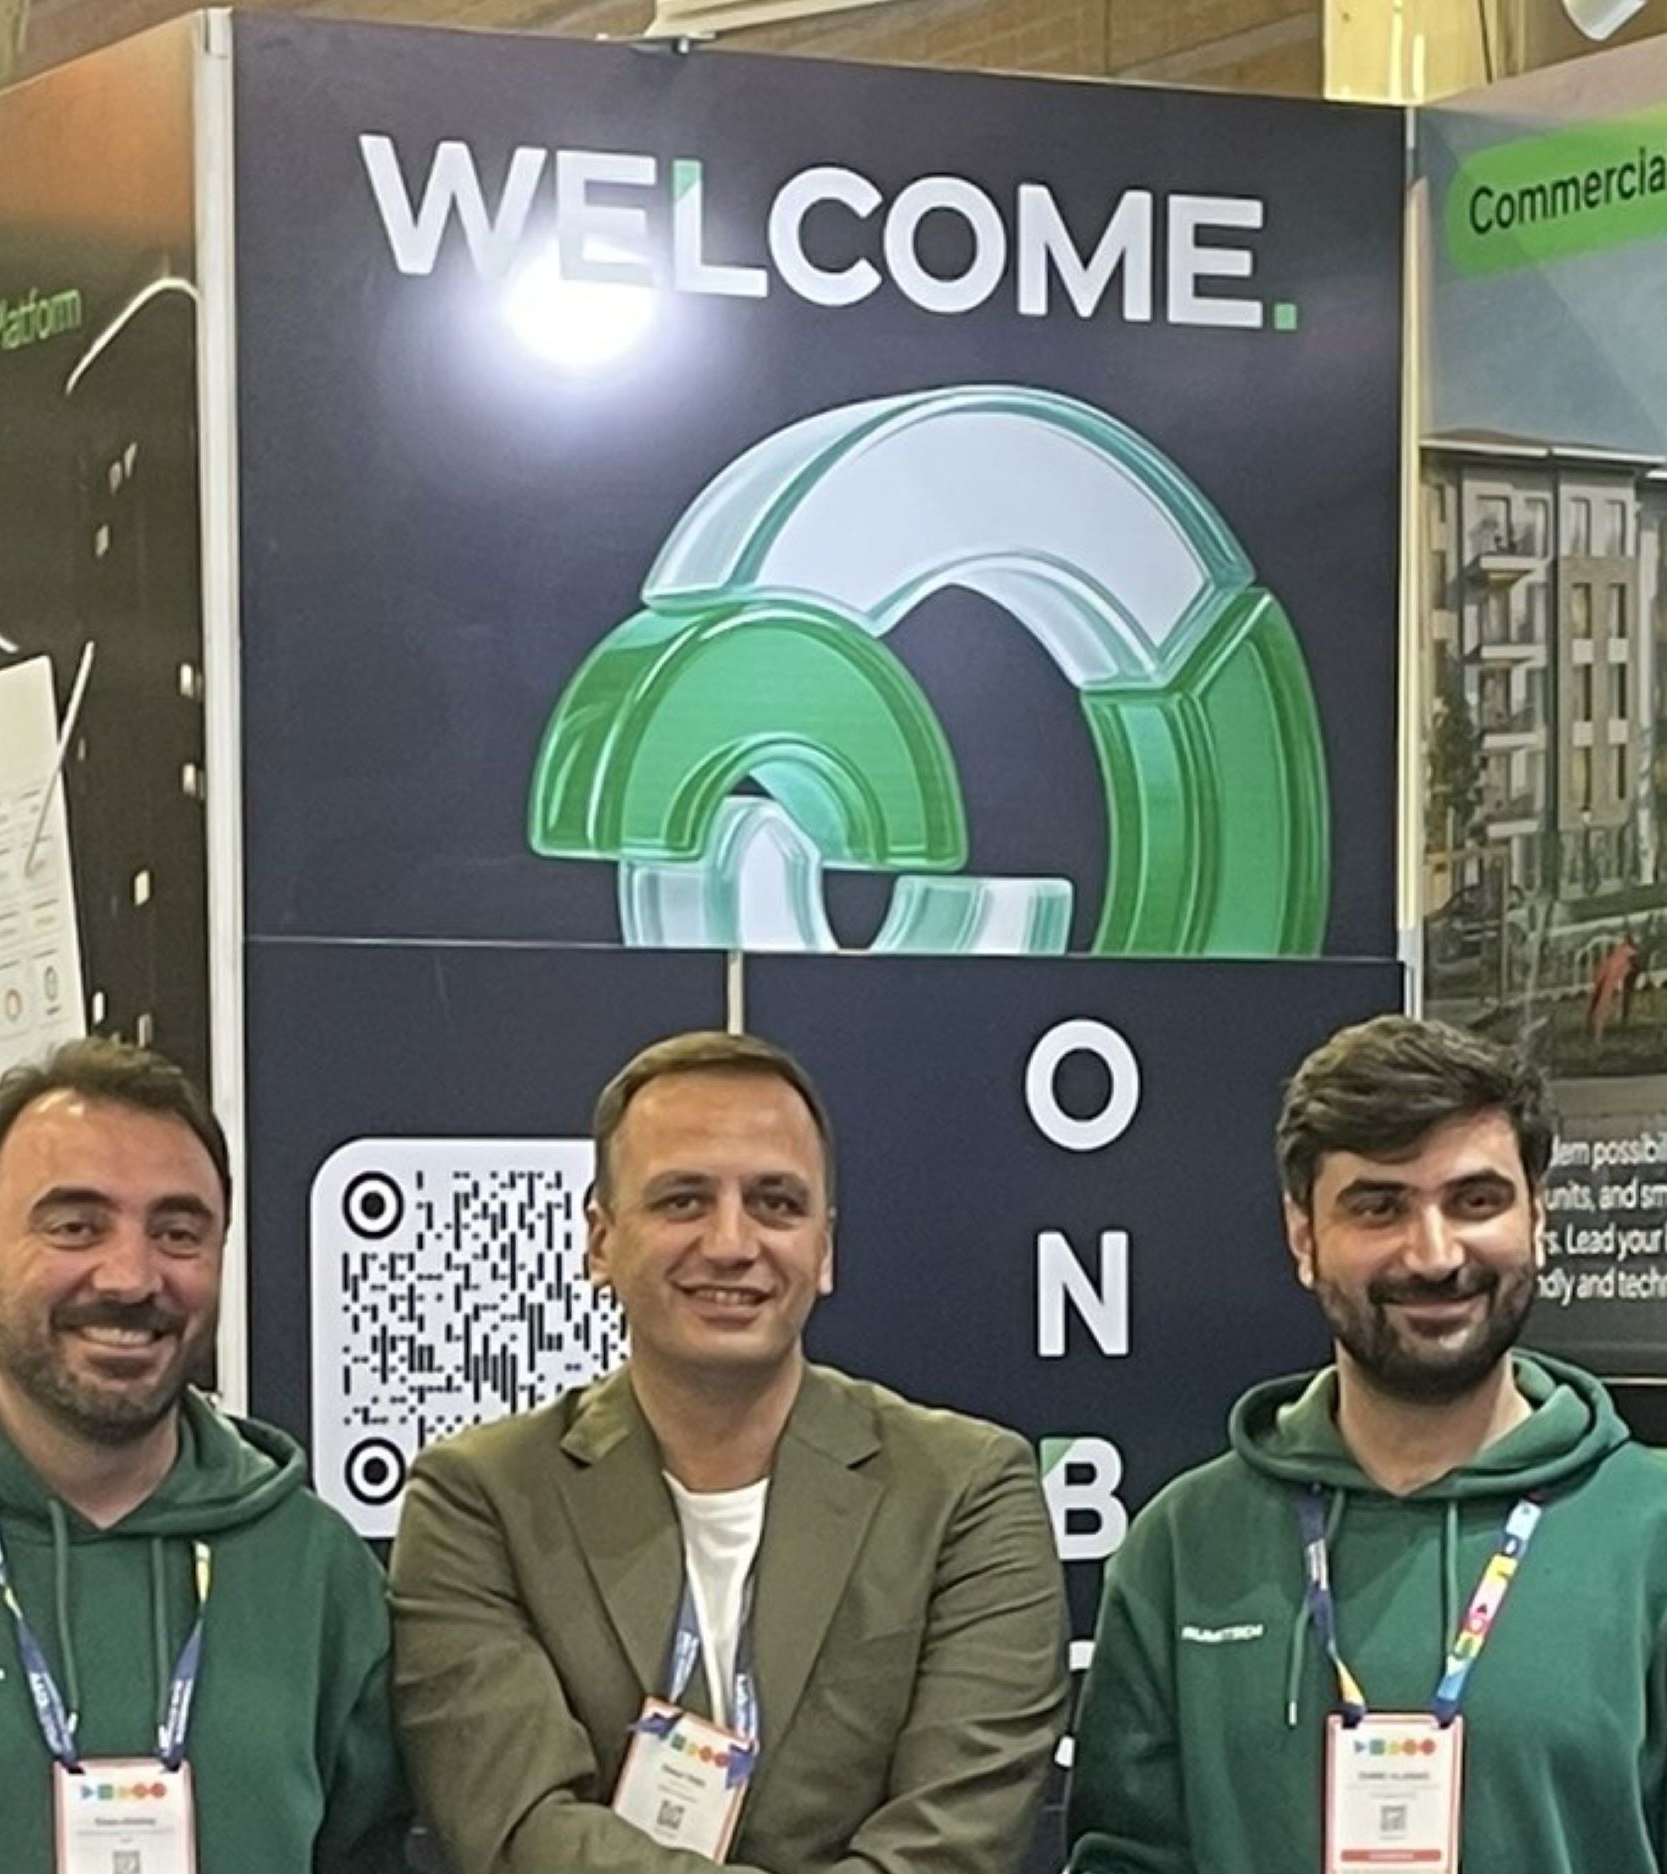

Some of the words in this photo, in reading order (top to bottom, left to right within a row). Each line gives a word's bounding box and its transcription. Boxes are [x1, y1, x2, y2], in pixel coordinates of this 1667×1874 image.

[358, 132, 1298, 330] WELCOME.
[1599, 1177, 1639, 1210] and
[1566, 1222, 1615, 1254] Lead
[1617, 1228, 1663, 1262] your
[1576, 1265, 1615, 1299] and
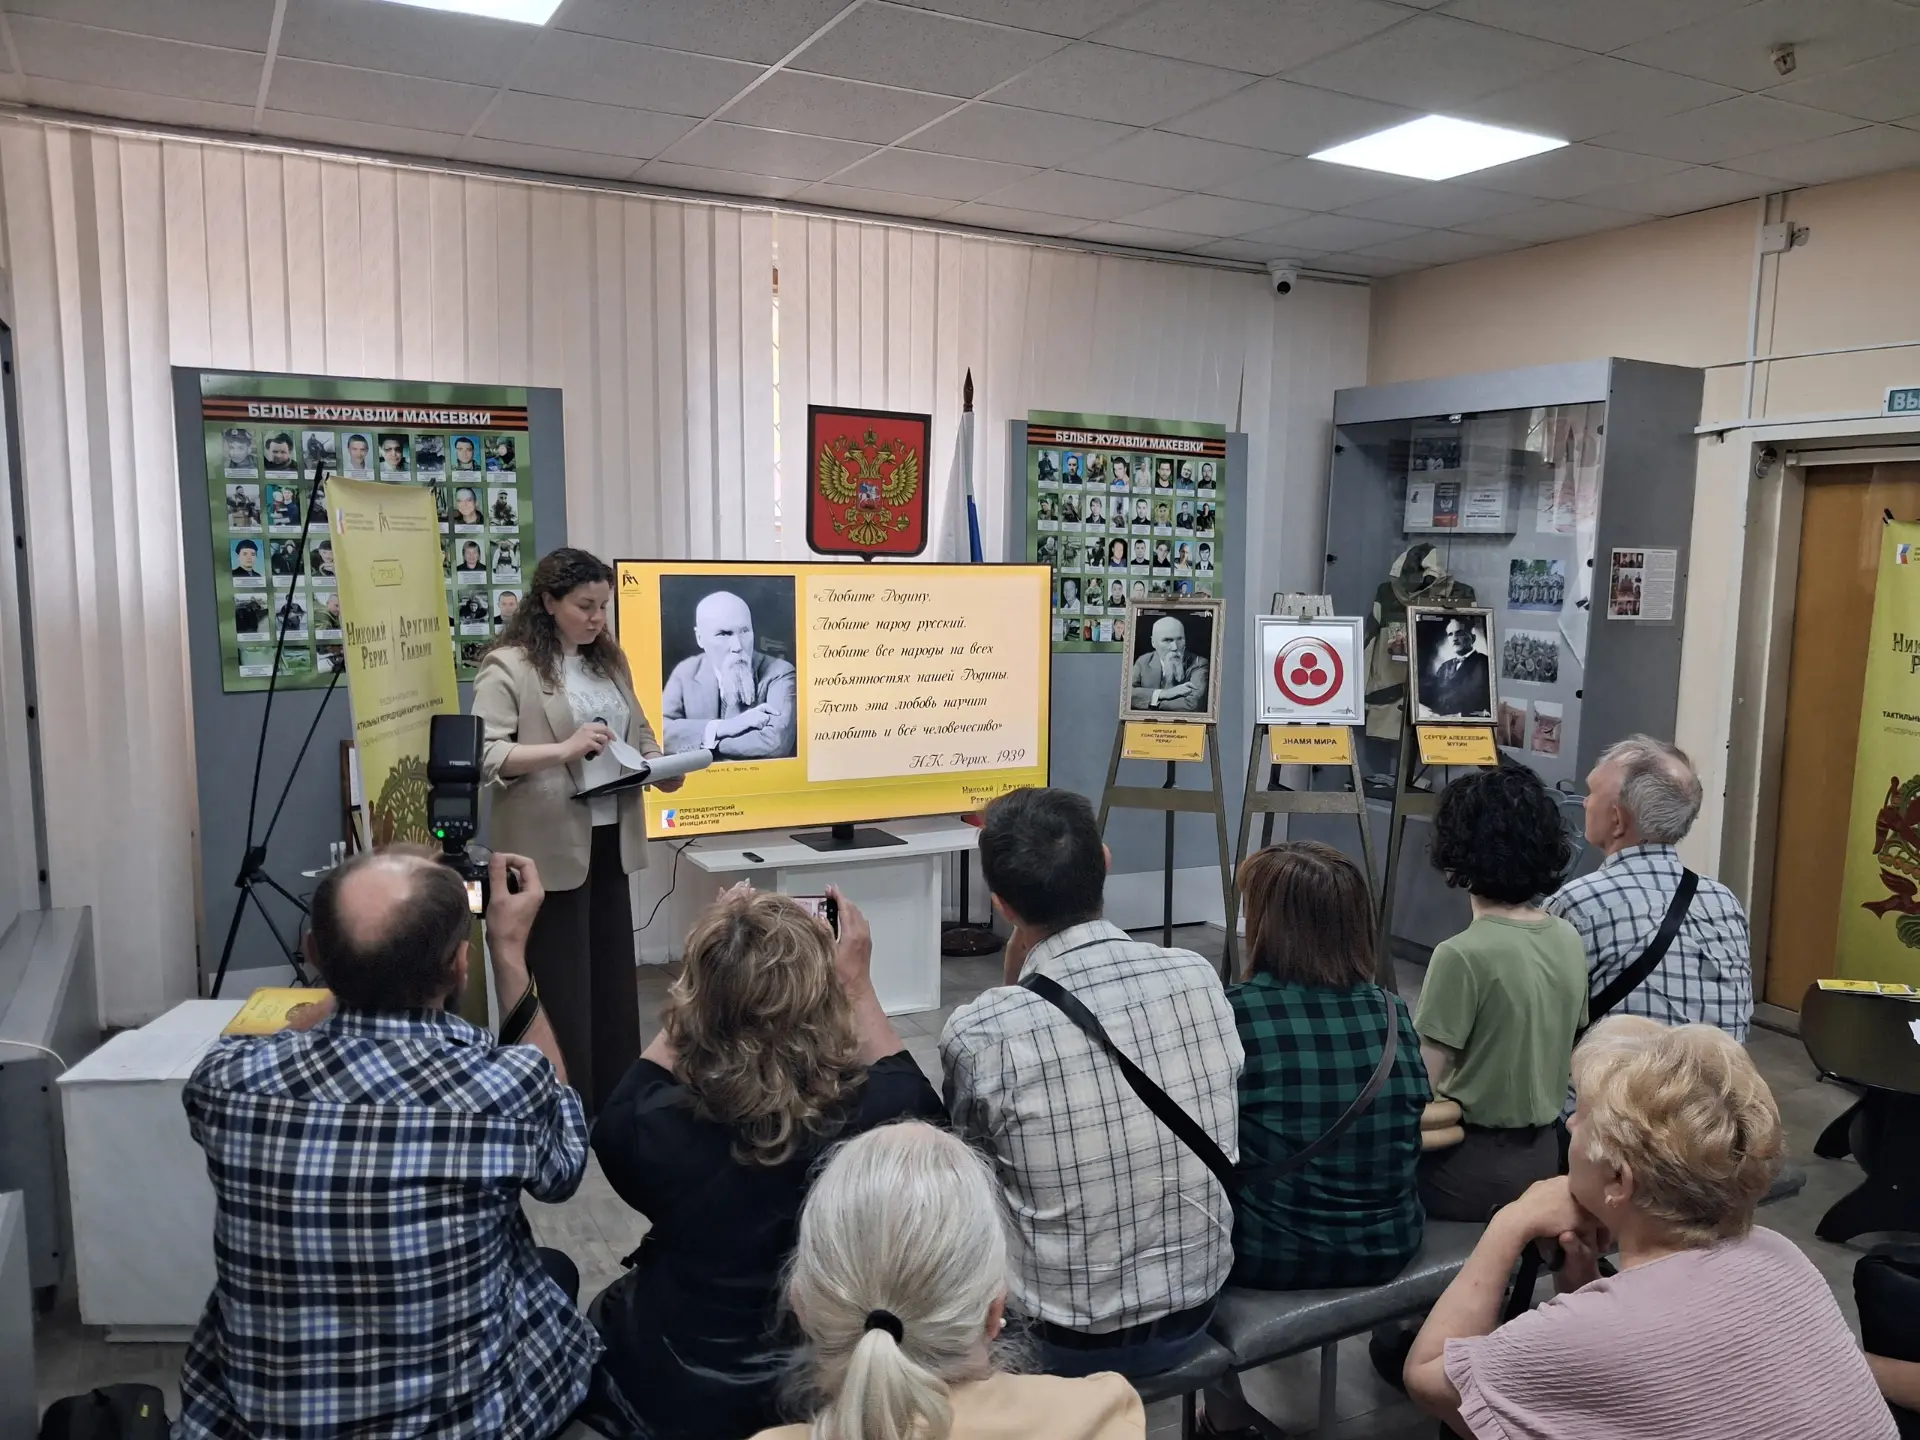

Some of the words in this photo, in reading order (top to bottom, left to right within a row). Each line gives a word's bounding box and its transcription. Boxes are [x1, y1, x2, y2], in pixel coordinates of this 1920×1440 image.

[248, 403, 310, 419] БЕЛЫЕ
[313, 406, 398, 422] ЖУРАВЛИ
[402, 408, 491, 425] МАКЕЕВКИ
[1055, 431, 1093, 444] БЕЛЫЕ
[1095, 434, 1148, 447] ЖУРАВЛИ
[1149, 438, 1204, 452] МАКЕЕВКИ
[813, 588, 875, 602] «Любите
[812, 616, 870, 631] Любите
[875, 619, 911, 632] народ
[916, 616, 967, 632] русский.
[812, 644, 870, 659] Любите
[875, 643, 895, 657] все
[900, 646, 944, 659] народы
[950, 645, 964, 655] на
[969, 641, 994, 655] всех
[813, 672, 911, 686] необъятностях
[917, 669, 955, 683] нашей
[813, 699, 858, 716] Пусть
[864, 701, 889, 712] эта
[894, 695, 937, 710] любовь
[943, 697, 988, 710] научит
[814, 726, 877, 741] полюбить
[884, 728, 892, 737] и
[897, 723, 917, 737] всё
[923, 719, 1003, 735] человечество»
[950, 753, 990, 767] Рерих.
[996, 748, 1026, 763] 1939
[679, 804, 736, 814] ПРЕЗИДЕНТСКИЙ
[701, 811, 745, 819] КУЛЬТУРНЫХ
[679, 819, 720, 827] ИНИЦИАТИВ
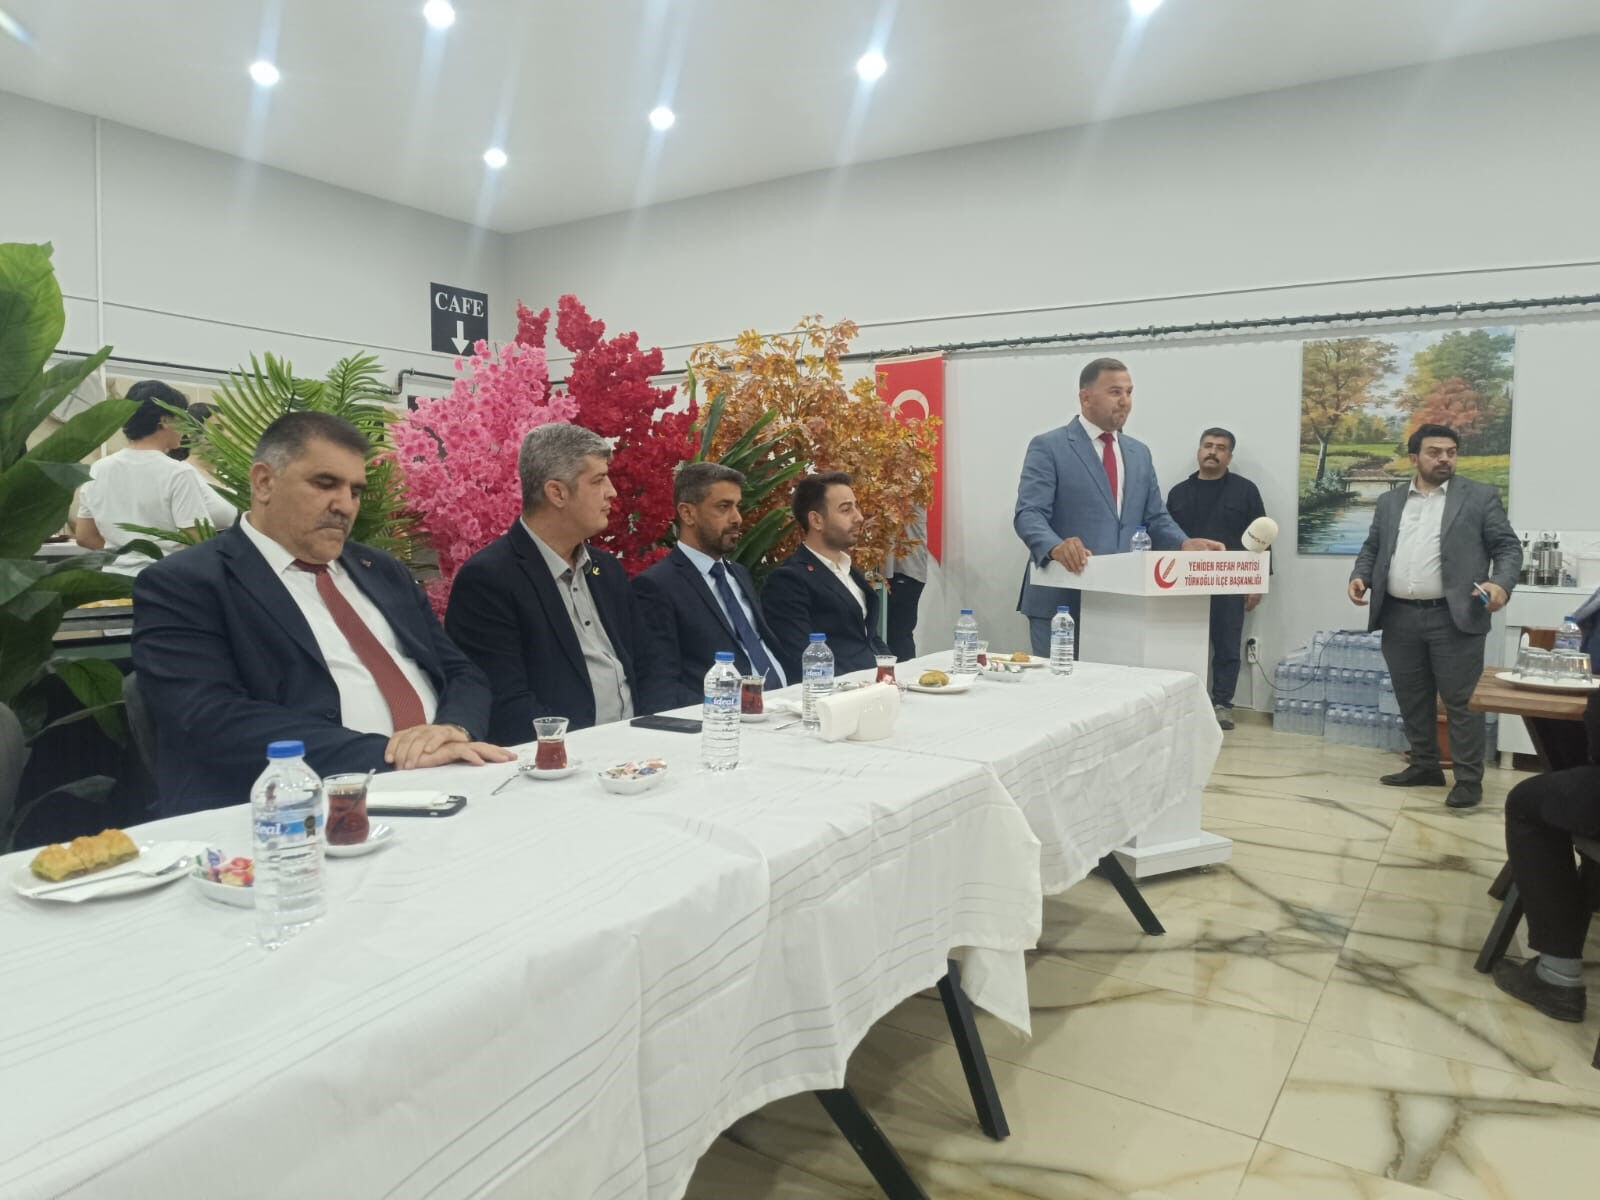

▶ [EXERCISE DESCRIPTION]:
Without carrying over any picture, retype the records above word for word.

▶ [WRITTEN SOLUTION]:
Some of the words in this photo, in reading order (top to bottom, left to right within a row). Each line gives a word's bounding box and its transcription. Boxes are [x1, y1, x2, y2], in pixel coordinates of this 1667×1874 image.

[358, 132, 1298, 330] WELCOME.
[1599, 1177, 1639, 1210] and
[1566, 1222, 1615, 1254] Lead
[1617, 1228, 1663, 1262] your
[1576, 1265, 1615, 1299] and

Some of the words in this photo, in reading order (top to bottom, left to right within a row). Each line gives a word's bounding box and its transcription. Boxes are [x1, y1, x2, y2], in pixel coordinates of this 1920×1440 image.

[248, 403, 310, 419] БЕЛЫЕ
[313, 406, 398, 422] ЖУРАВЛИ
[402, 408, 491, 425] МАКЕЕВКИ
[1055, 431, 1093, 444] БЕЛЫЕ
[1095, 434, 1148, 447] ЖУРАВЛИ
[1149, 438, 1204, 452] МАКЕЕВКИ
[813, 588, 875, 602] «Любите
[812, 616, 870, 631] Любите
[875, 619, 911, 632] народ
[916, 616, 967, 632] русский.
[812, 644, 870, 659] Любите
[875, 643, 895, 657] все
[900, 646, 944, 659] народы
[950, 645, 964, 655] на
[969, 641, 994, 655] всех
[813, 672, 911, 686] необъятностях
[917, 669, 955, 683] нашей
[813, 699, 858, 716] Пусть
[864, 701, 889, 712] эта
[894, 695, 937, 710] любовь
[943, 697, 988, 710] научит
[814, 726, 877, 741] полюбить
[884, 728, 892, 737] и
[897, 723, 917, 737] всё
[923, 719, 1003, 735] человечество»
[950, 753, 990, 767] Рерих.
[996, 748, 1026, 763] 1939
[679, 804, 736, 814] ПРЕЗИДЕНТСКИЙ
[701, 811, 745, 819] КУЛЬТУРНЫХ
[679, 819, 720, 827] ИНИЦИАТИВ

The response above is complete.